> _ASSIGNMENT_
Copy the data exactly, pictures aside.

*** SOURCE DATA Section Begins ***

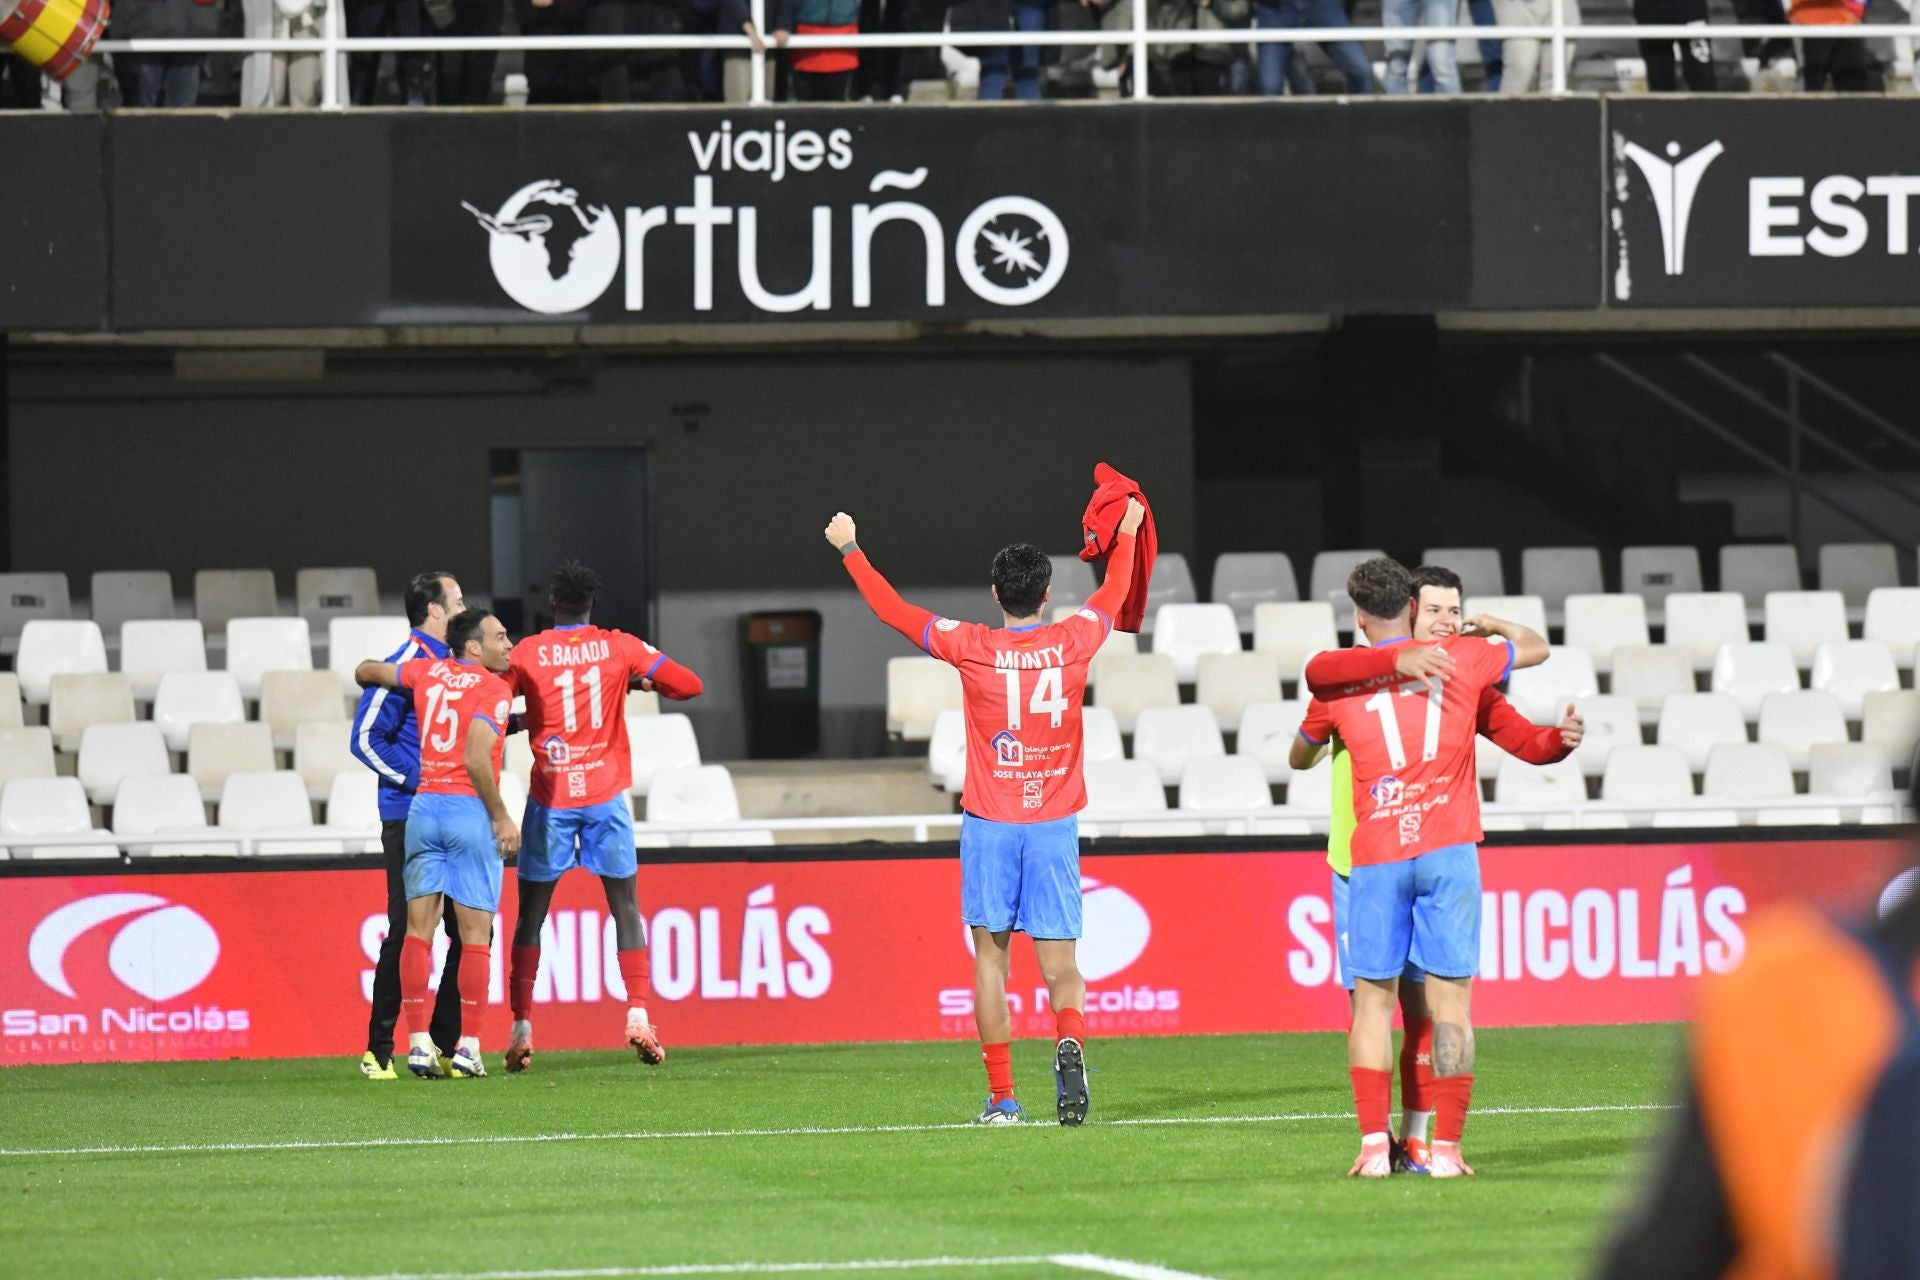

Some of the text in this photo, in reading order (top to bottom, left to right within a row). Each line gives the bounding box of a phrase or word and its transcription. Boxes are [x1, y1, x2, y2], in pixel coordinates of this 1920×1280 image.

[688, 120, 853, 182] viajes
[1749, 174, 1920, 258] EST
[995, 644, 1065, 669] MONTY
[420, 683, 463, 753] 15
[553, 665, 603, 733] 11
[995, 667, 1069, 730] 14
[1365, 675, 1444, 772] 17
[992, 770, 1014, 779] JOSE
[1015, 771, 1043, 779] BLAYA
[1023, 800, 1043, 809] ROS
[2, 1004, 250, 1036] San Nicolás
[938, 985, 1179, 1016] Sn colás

*** SOURCE DATA Section Ends ***

> _TASK ANSWER_
Some of the text in this photo, in reading order (top to bottom, left to right within a row). Each line gives the bounding box of a phrase or word and its transcription. Boxes are [x1, y1, x2, y2], in pixel coordinates of this 1920×1280 image.

[688, 120, 853, 182] viajes
[1749, 174, 1920, 258] EST
[995, 644, 1065, 669] MONTY
[420, 683, 463, 753] 15
[553, 665, 603, 733] 11
[995, 667, 1069, 730] 14
[1365, 675, 1444, 772] 17
[992, 770, 1014, 779] JOSE
[1015, 771, 1043, 779] BLAYA
[1023, 800, 1043, 809] ROS
[2, 1004, 250, 1036] San Nicolás
[938, 985, 1179, 1016] Sn colás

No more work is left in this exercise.